• _Task details_: Images aside, return all the entries exactly.

• _Excerpted data_:
━━━
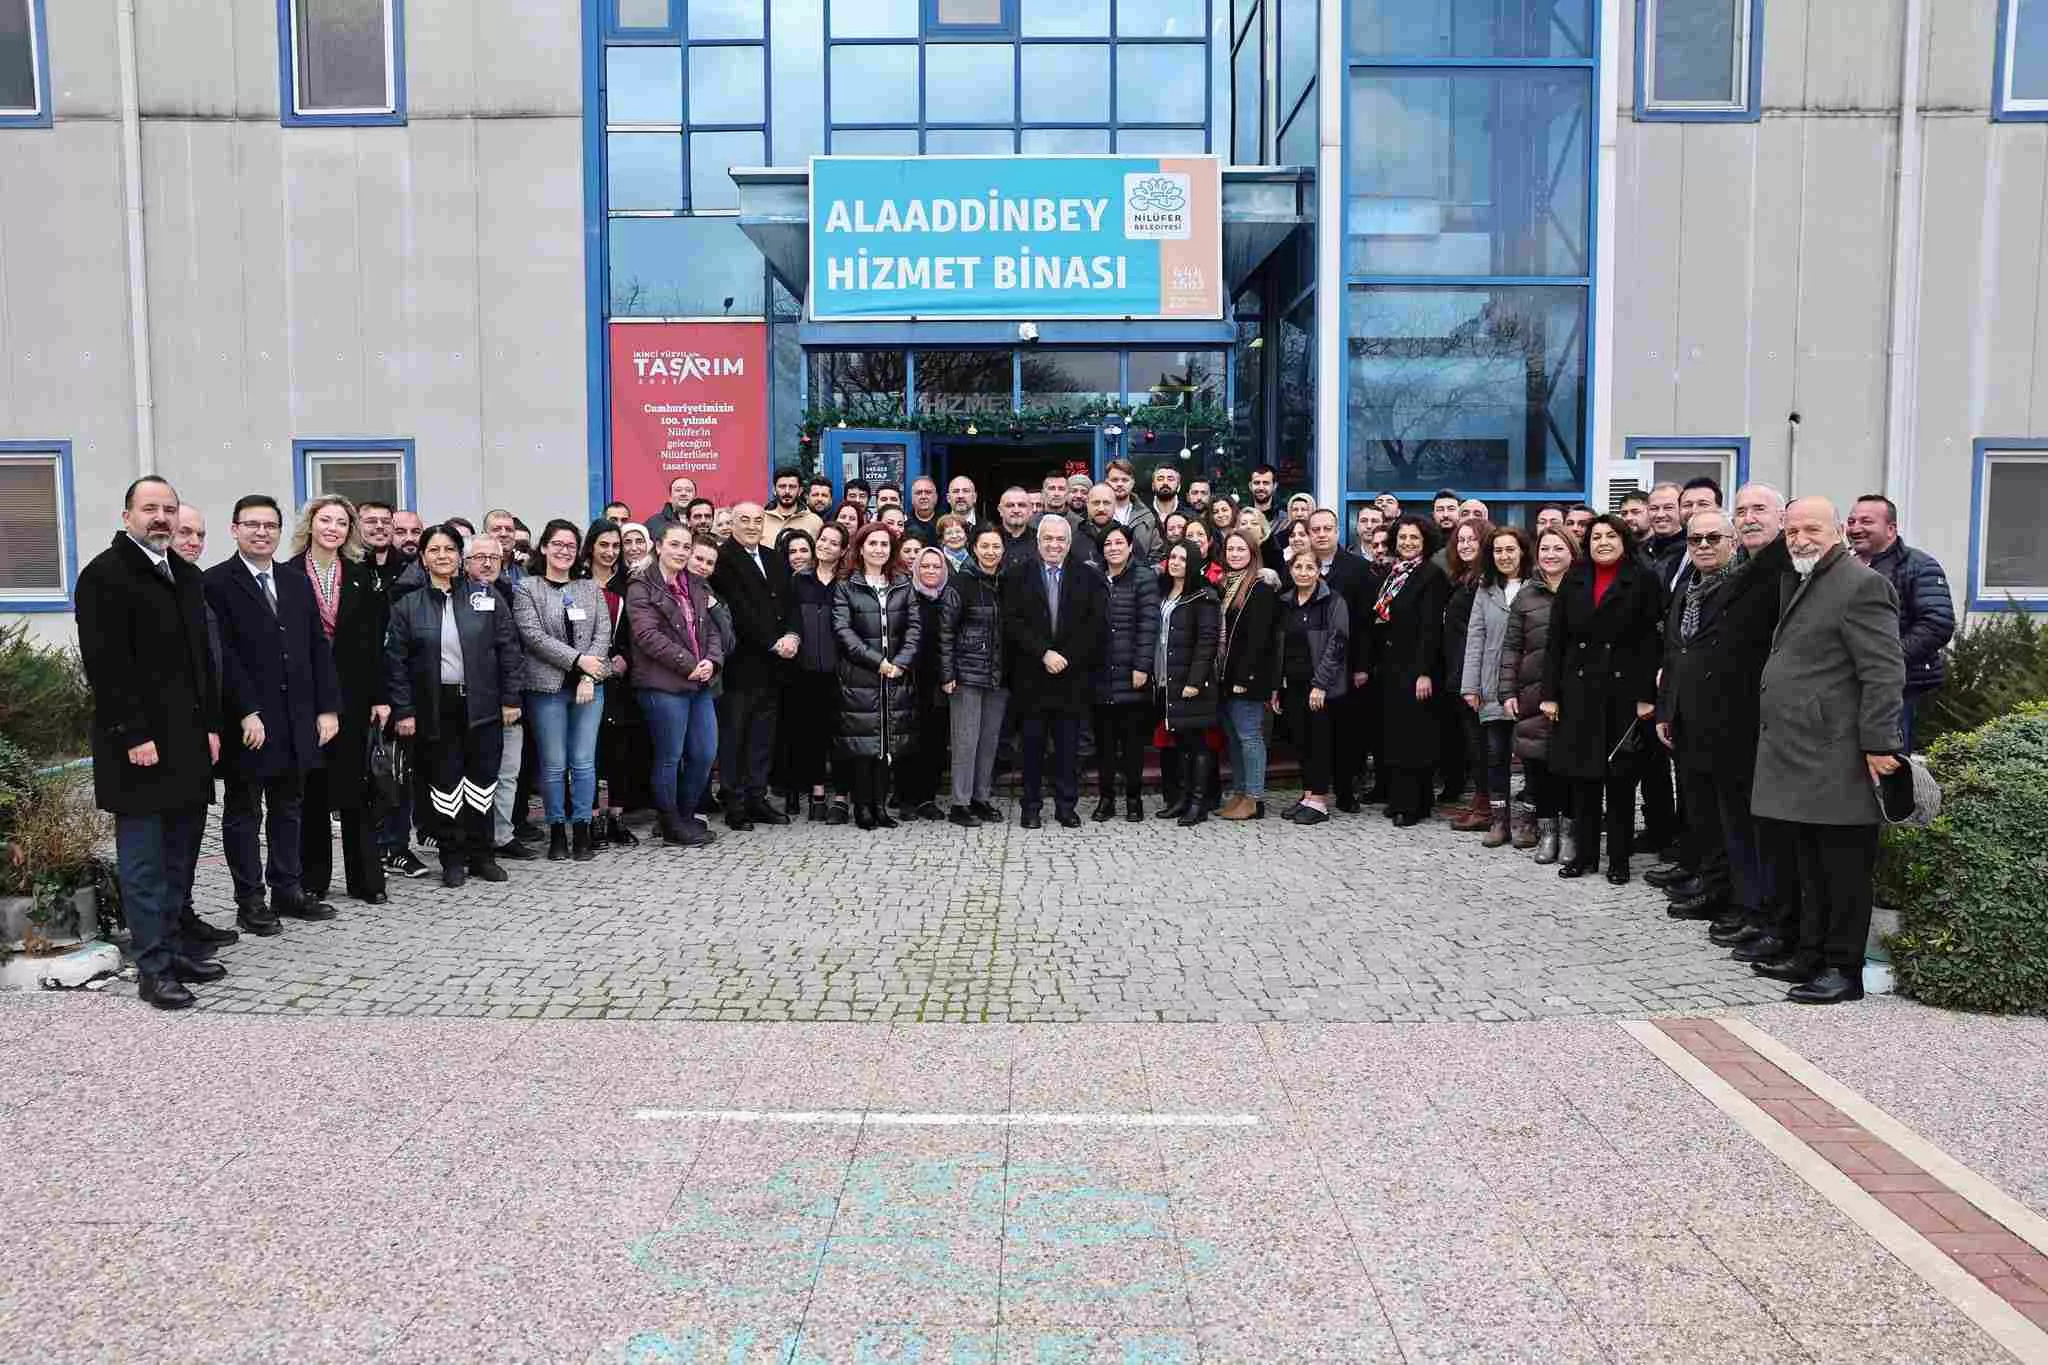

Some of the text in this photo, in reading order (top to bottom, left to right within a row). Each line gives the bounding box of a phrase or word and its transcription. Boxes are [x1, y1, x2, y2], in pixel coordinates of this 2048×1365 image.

[825, 188, 1106, 233] ALAADDİNBEY
[1134, 212, 1182, 222] NİLÜFER
[827, 247, 982, 290] HİZMET
[994, 246, 1126, 290] BİNASI
[633, 356, 744, 384] TASARIM
[644, 403, 734, 415] Cumhuriyetimizin
[661, 416, 717, 426] 100. yılında
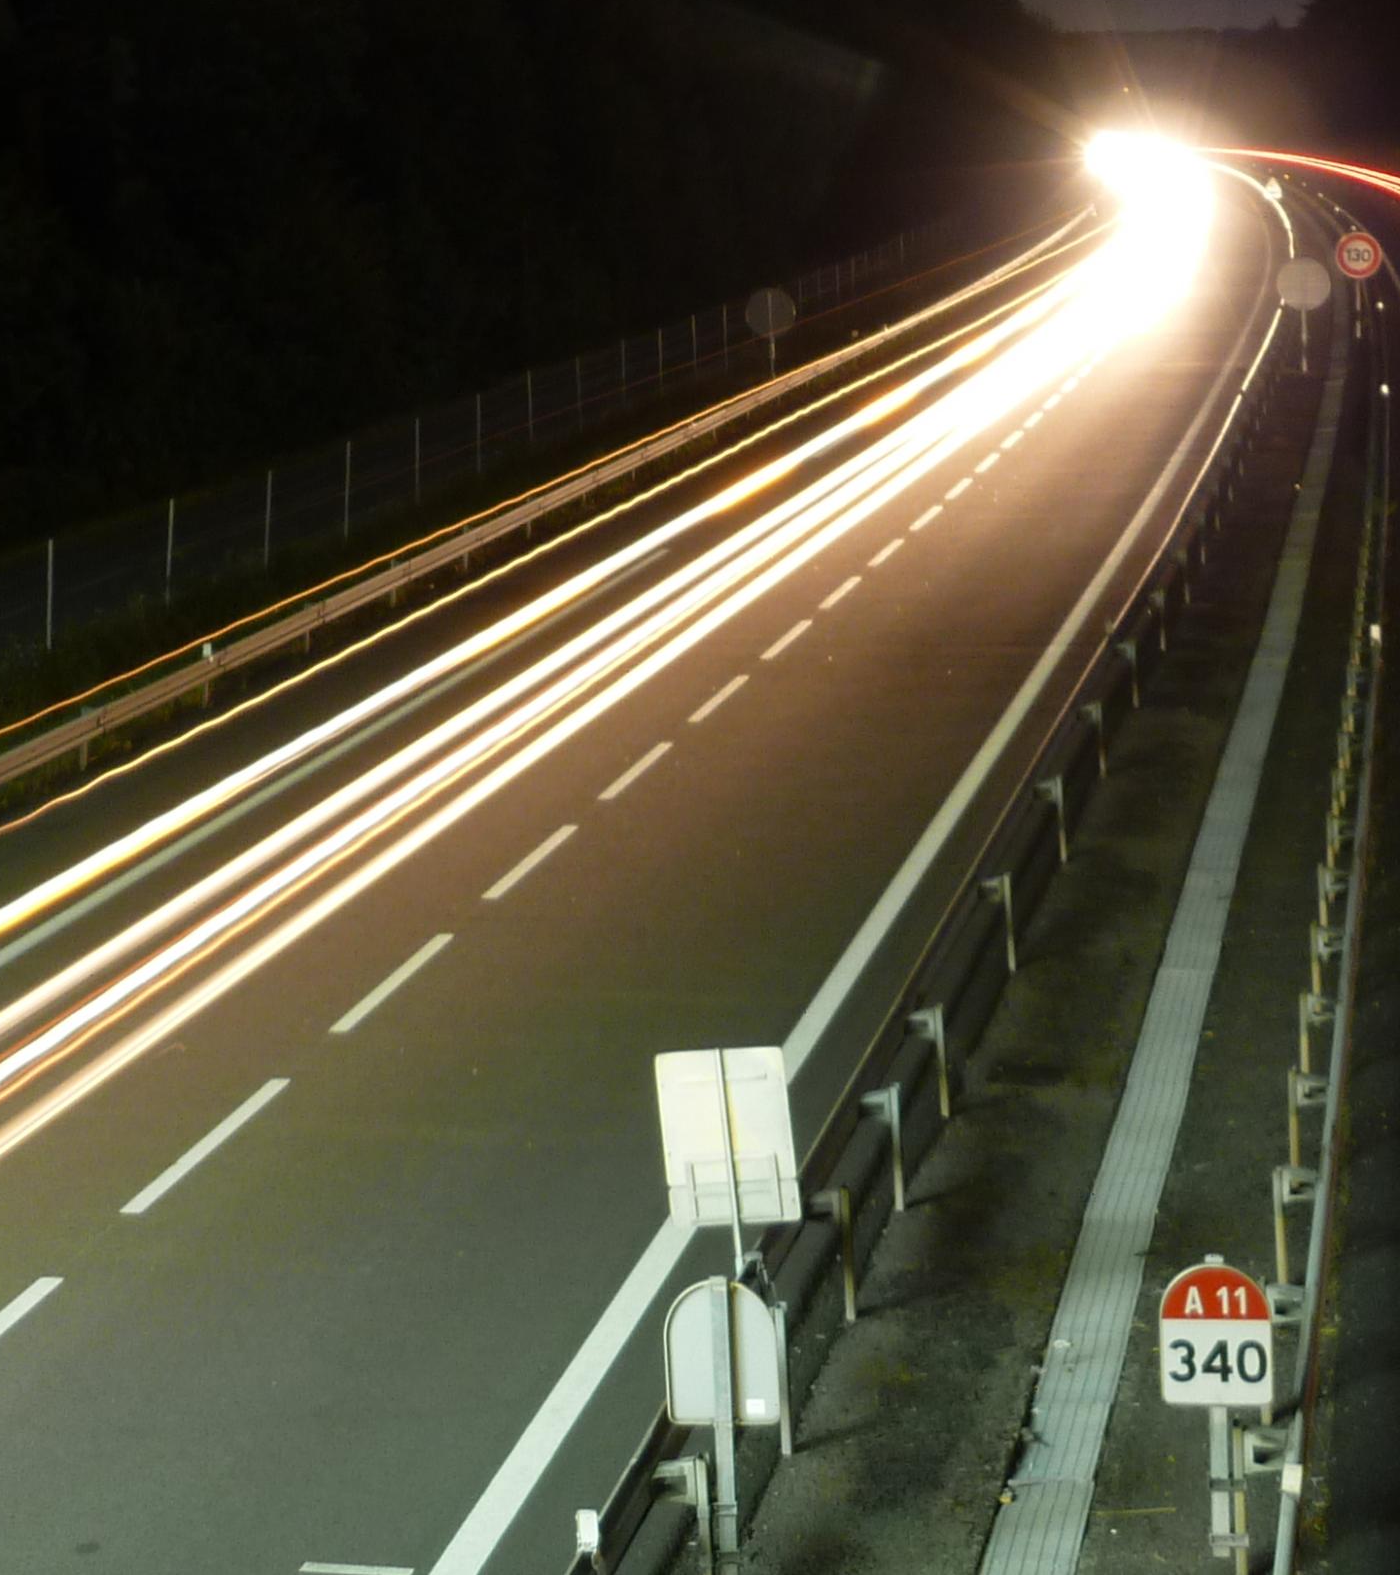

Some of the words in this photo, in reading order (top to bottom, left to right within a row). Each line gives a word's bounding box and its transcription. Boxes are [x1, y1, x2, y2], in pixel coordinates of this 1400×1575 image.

[1345, 248, 1372, 263] 130
[1184, 1285, 1203, 1316] A
[1216, 1285, 1249, 1316] 11
[1168, 1338, 1268, 1384] 340
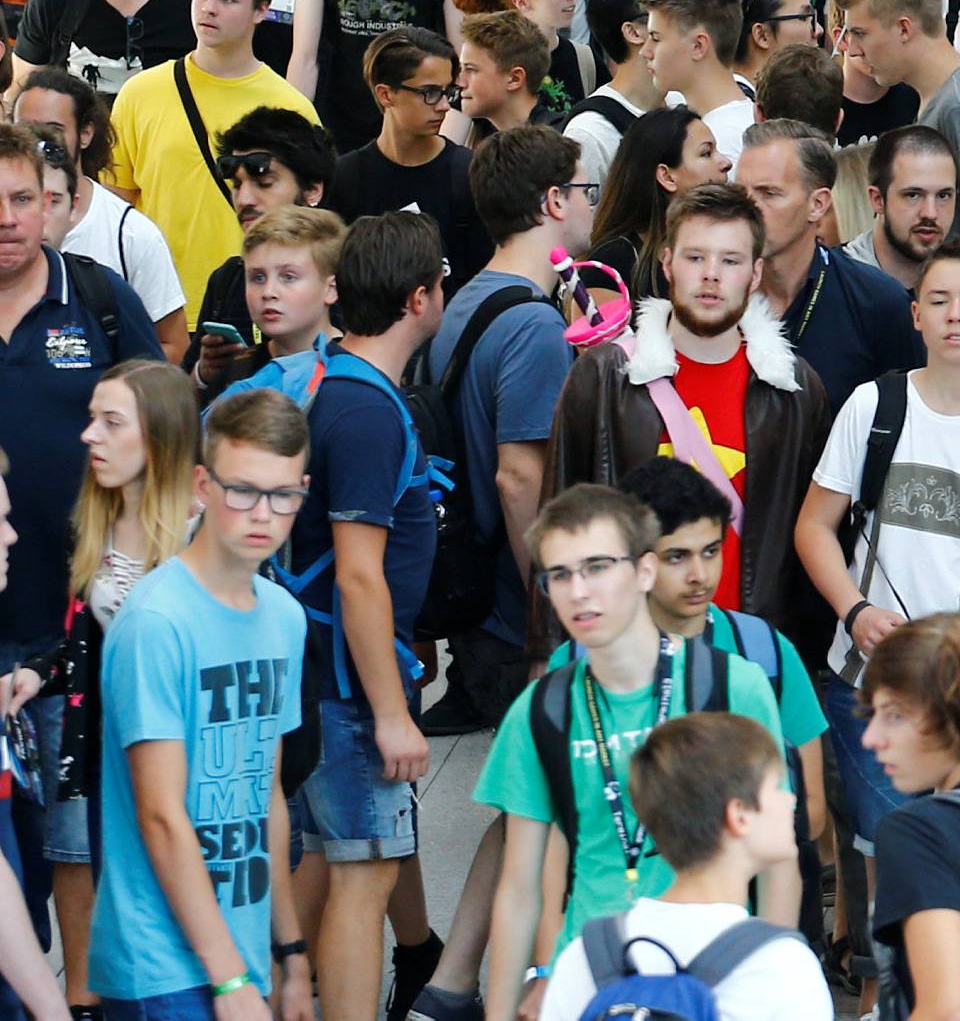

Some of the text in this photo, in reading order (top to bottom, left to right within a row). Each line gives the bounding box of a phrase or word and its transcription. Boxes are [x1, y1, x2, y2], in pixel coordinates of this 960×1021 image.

[200, 658, 289, 723] THE
[201, 717, 277, 778] ULT
[613, 810, 631, 854] Terminal
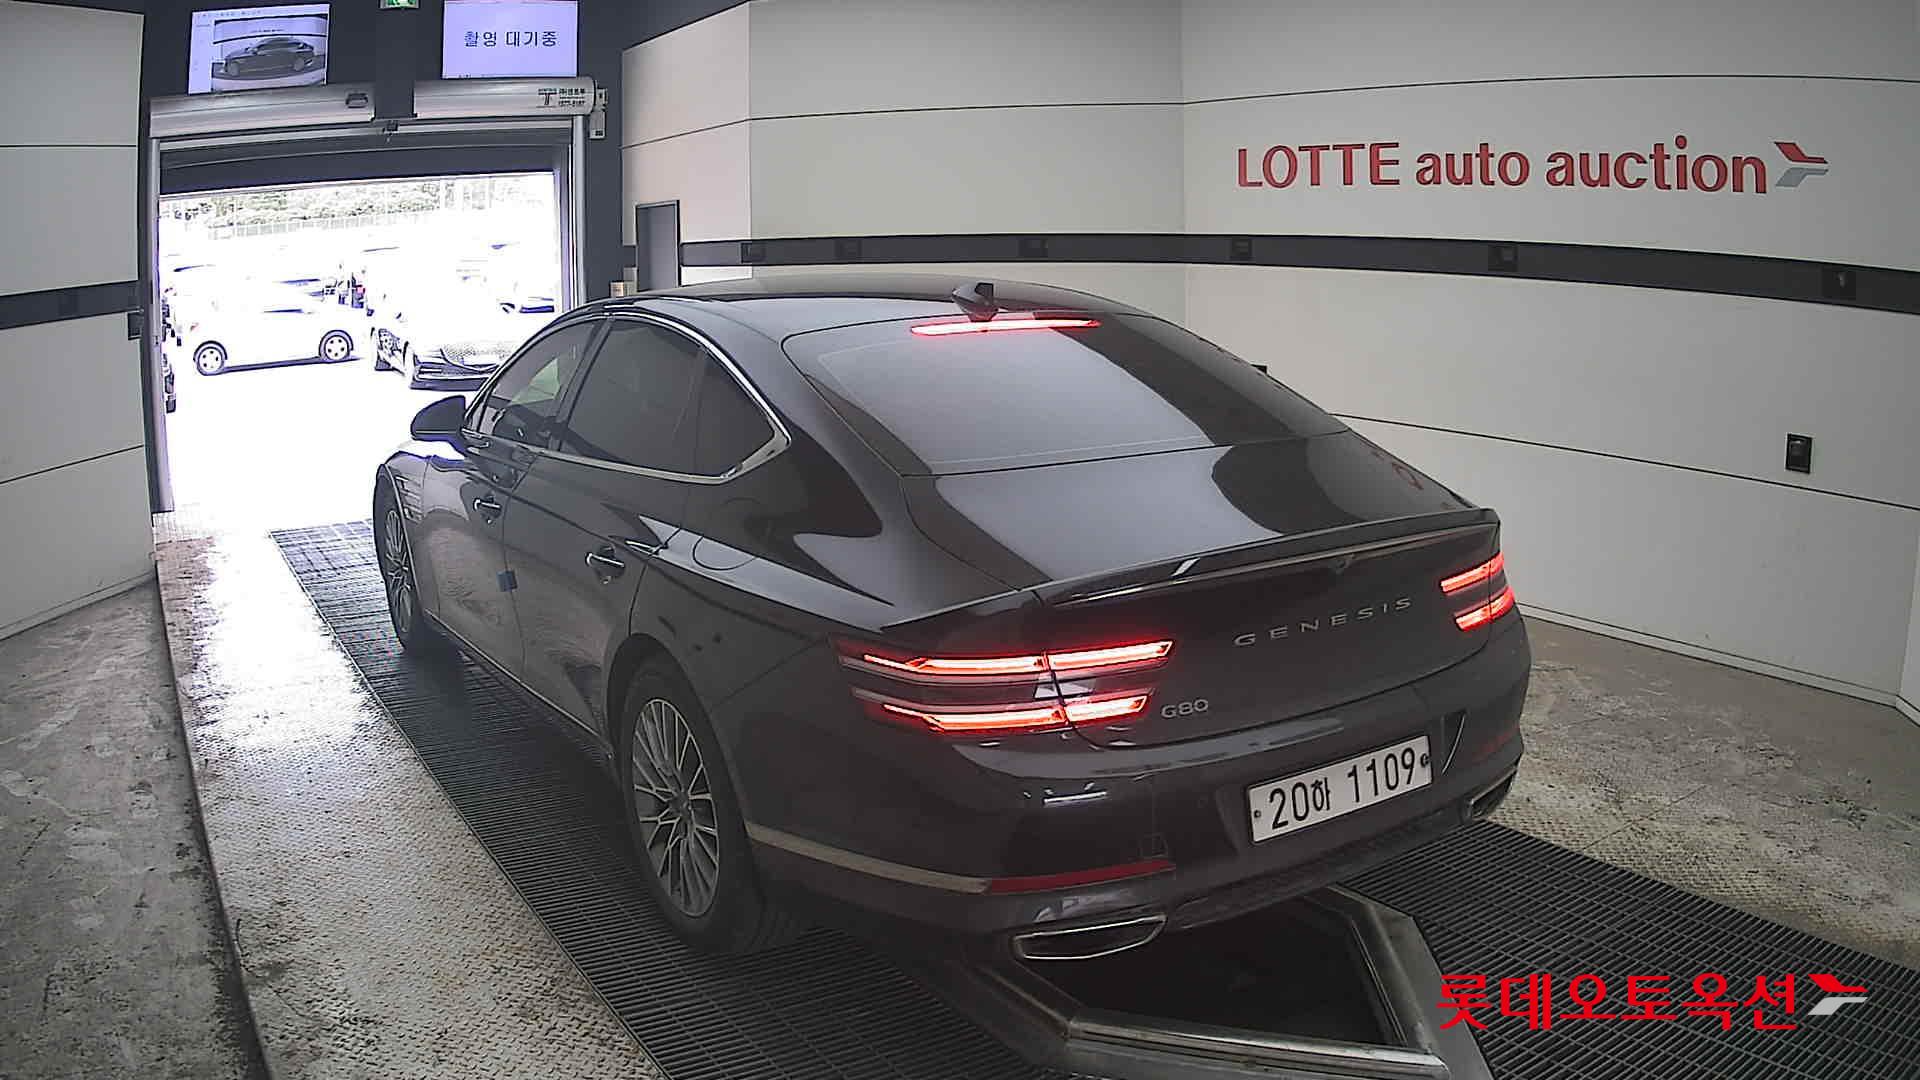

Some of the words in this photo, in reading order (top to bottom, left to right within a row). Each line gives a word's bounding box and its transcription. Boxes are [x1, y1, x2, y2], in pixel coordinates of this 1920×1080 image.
━━━
• _Solution to the problem_:
Some of the text in this photo, in reading order (top to bottom, left to right within a row). Each line gives the bounding box of a phrase or word and its transcription. Boxes are [x1, y1, x2, y2], in pixel coordinates of this 2048×1365 image.

[825, 188, 1106, 233] ALAADDİNBEY
[1134, 212, 1182, 222] NİLÜFER
[827, 247, 982, 290] HİZMET
[994, 246, 1126, 290] BİNASI
[633, 356, 744, 384] TASARIM
[644, 403, 734, 415] Cumhuriyetimizin
[661, 416, 717, 426] 100. yılında

Some of the words in this photo, in reading order (top to bottom, left to right within a row). Each line gives a word's bounding box and its transcription. Boxes are [x1, y1, x2, y2], in pixel coordinates of this 1400×1575 image.

[1345, 248, 1372, 263] 130
[1184, 1285, 1203, 1316] A
[1216, 1285, 1249, 1316] 11
[1168, 1338, 1268, 1384] 340

Some of the text in this photo, in reading order (top to bottom, left to right within a row). Each line gives the bounding box of a phrase or word and its transcription. Boxes are [x1, y1, x2, y2], in pixel coordinates of this 960×1021 image.

[200, 658, 289, 723] THE
[201, 717, 277, 778] ULT
[613, 810, 631, 854] Terminal

Some of the words in this photo, in reading order (top to bottom, left to right within a row). Each line gives a word's bounding box and its transcription. Boxes are [x1, y1, x2, y2], in pixel coordinates of this 1920×1080 image.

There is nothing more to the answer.